- _Task objective_:
Which lines run from the one containing "this 1512×1344 image." to the end of the entries below? Retype exactly those, both ends included.

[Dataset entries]

*** Block opens ***

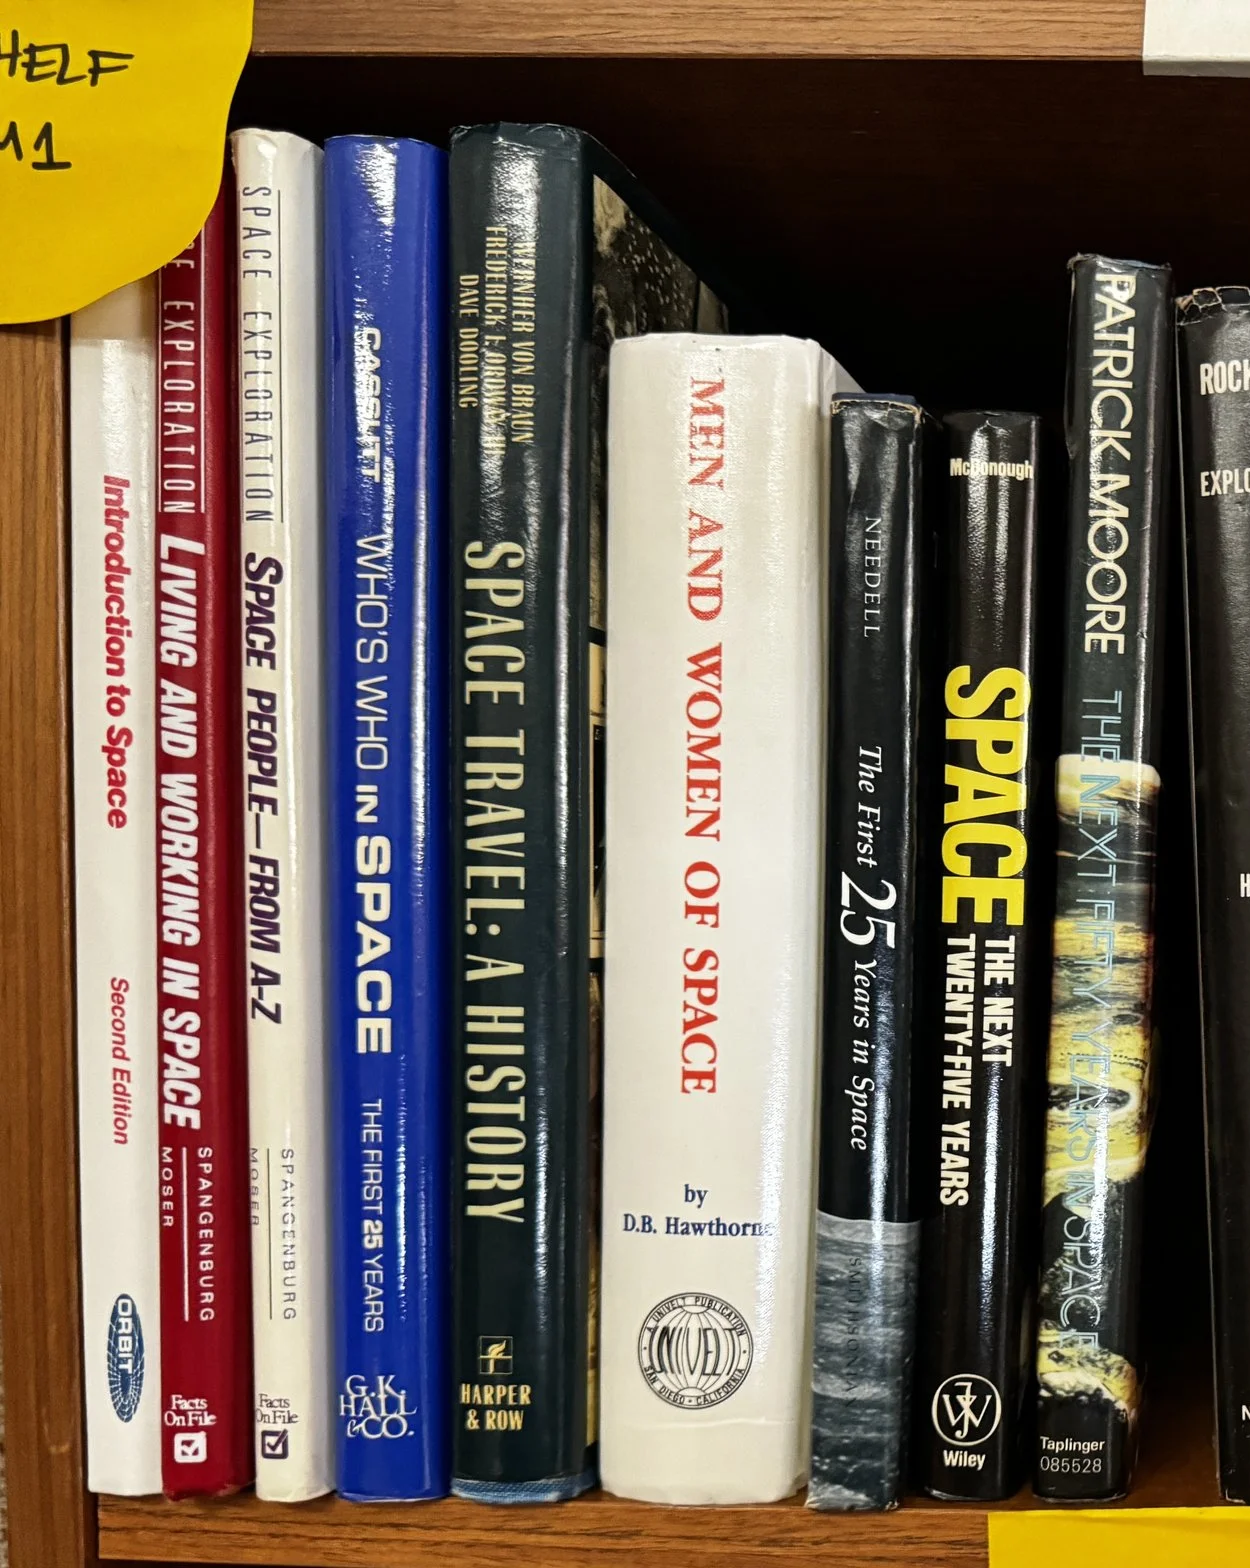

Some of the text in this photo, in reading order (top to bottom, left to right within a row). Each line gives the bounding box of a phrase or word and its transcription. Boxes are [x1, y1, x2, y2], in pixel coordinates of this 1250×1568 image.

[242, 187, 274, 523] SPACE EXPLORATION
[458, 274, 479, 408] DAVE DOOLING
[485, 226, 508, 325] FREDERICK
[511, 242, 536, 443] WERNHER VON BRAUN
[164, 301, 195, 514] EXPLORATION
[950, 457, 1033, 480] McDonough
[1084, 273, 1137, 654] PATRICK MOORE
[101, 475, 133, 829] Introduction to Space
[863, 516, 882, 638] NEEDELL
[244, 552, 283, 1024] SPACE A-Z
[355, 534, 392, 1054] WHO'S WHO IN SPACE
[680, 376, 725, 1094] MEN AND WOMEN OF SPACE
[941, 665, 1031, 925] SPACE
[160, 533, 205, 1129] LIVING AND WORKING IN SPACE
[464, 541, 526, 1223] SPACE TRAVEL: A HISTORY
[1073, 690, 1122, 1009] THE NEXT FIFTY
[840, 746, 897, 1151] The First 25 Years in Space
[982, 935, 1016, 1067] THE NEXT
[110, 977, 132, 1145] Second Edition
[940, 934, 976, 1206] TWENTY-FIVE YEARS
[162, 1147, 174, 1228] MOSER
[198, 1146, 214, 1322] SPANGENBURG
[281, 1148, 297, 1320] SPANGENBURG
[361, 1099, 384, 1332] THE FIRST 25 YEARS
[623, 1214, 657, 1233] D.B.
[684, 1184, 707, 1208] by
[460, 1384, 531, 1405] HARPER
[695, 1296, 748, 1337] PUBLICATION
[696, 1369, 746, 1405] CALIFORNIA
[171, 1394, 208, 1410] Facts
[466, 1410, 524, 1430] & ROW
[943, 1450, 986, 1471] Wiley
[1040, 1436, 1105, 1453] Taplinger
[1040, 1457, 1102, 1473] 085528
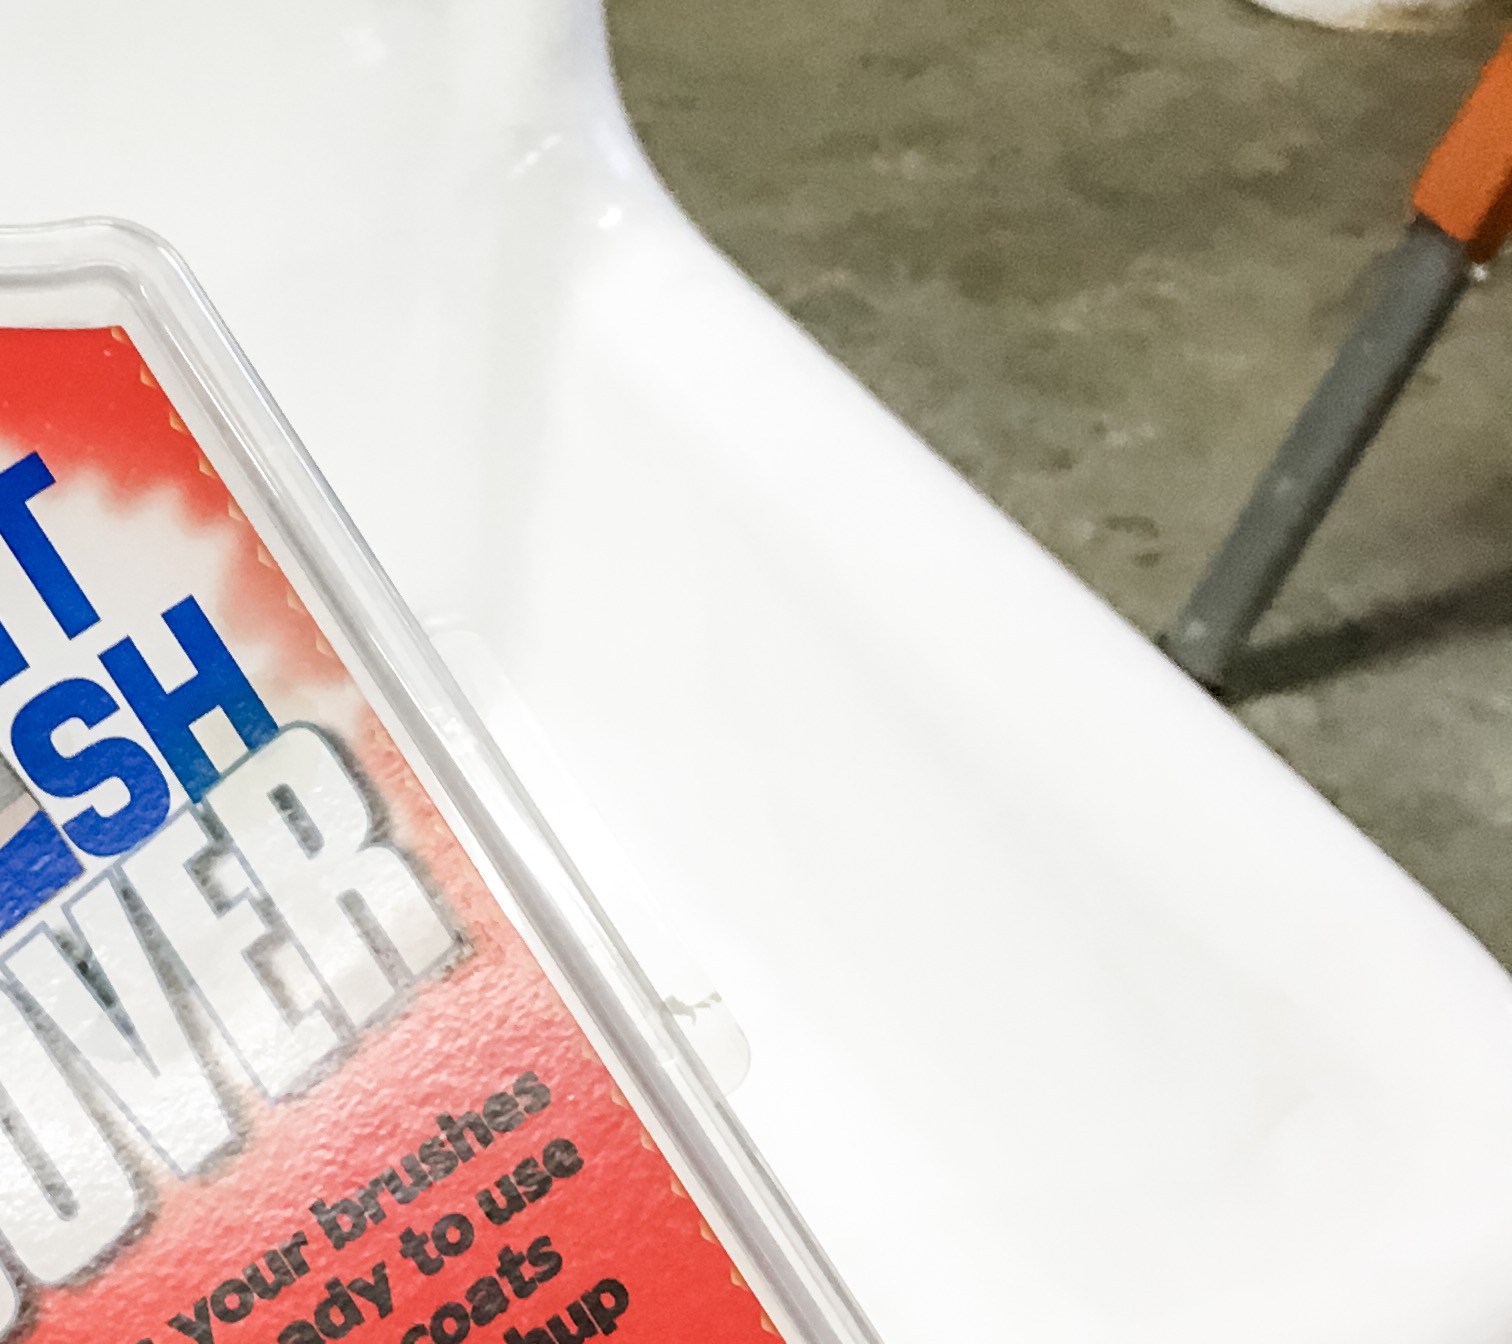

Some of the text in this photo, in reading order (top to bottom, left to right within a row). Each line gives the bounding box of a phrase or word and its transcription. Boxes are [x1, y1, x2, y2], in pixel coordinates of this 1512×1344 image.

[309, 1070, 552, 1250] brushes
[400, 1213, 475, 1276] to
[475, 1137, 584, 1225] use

*** Block closes ***

- _Answer to the exercise_:
Some of the text in this photo, in reading order (top to bottom, left to right within a row). Each line gives the bounding box of a phrase or word and its transcription. Boxes are [x1, y1, x2, y2], in pixel coordinates of this 1512×1344 image.

[309, 1070, 552, 1250] brushes
[400, 1213, 475, 1276] to
[475, 1137, 584, 1225] use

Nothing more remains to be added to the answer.